People: Donne, John.
Periods: 1000 - 1999, 1600-1699.
Key Topics: correspondence and letters, textual criticism, editing, Renaissance, The, manuscripts.
Abstract
This paper is part of a Literature Compass panel cluster on the forthcoming Oxford edition of Donne's letters.
Margaret Maurer introduces the cluster which offers papers by the three editors and seeks to examine the new directions the edition will pursue. The papers were originally delivered to the members of the John Donne Society in Baton Rouge, Louisiana, in February 2008.
The cluster is made up of the following articles:
‘The Oxford Edition of Donne's Letters: Well Underway’, Margaret Maurer, Literature Compass 5 (2008), 10.1111/j.1741-4113.2008.00598.x.
‘“Apparitions, and Ghosts”: H(a)unting Donne's Letters’, M. Thomas Hester, Literature Compass 5 (2008), 10.1111/j.1741-4113.2008.00599.x.
‘“Only in Obedience” to Whom? – The Identity of a Donne Correspondent’, Dennis Flynn, Literature Compass 5 (2008), 10.1111/j.1741-4113.2008.00600.x.

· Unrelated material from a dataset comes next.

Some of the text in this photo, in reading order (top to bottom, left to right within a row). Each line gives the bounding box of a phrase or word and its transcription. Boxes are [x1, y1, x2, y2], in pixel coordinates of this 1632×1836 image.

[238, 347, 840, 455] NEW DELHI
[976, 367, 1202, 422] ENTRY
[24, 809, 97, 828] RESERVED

‘Problems in Editing John Donne's Letters: Unreliable Primary Materials’, Ernest W. Sullivan, II, Literature Compass 5 (2008), 10.1111/j.1741-4113.2008.00601.x.
***
One way in which we might (in part) approach the problem of establishing the canon of Donne's familiar letters is indicated through a brief review of two of what Donne called his epistolary ‘apparitions, and ghosts’ – letters lacking ‘a convenient handsome body of news. . . . spun out of nothing’ (Letters 121), two letters, that is, that lack (or at first hand seem to lack) any substantial internal data beyond their style that would identify them as Donne's: (a) his problematic letter ‘To the Lady G.’ (first printed in Marriott's 1635 Poems); and (b) the transcription of the unsigned, unaddressed, and undated ‘I promised a iorney’ in the even more problematic ‘Burley MS’. An examination of the approach of both nineteenth- and twentieth-century readings of the first letter provides an example of how we can determine Donne's authorship of the second letter through particular attention to the style of these two representative letters.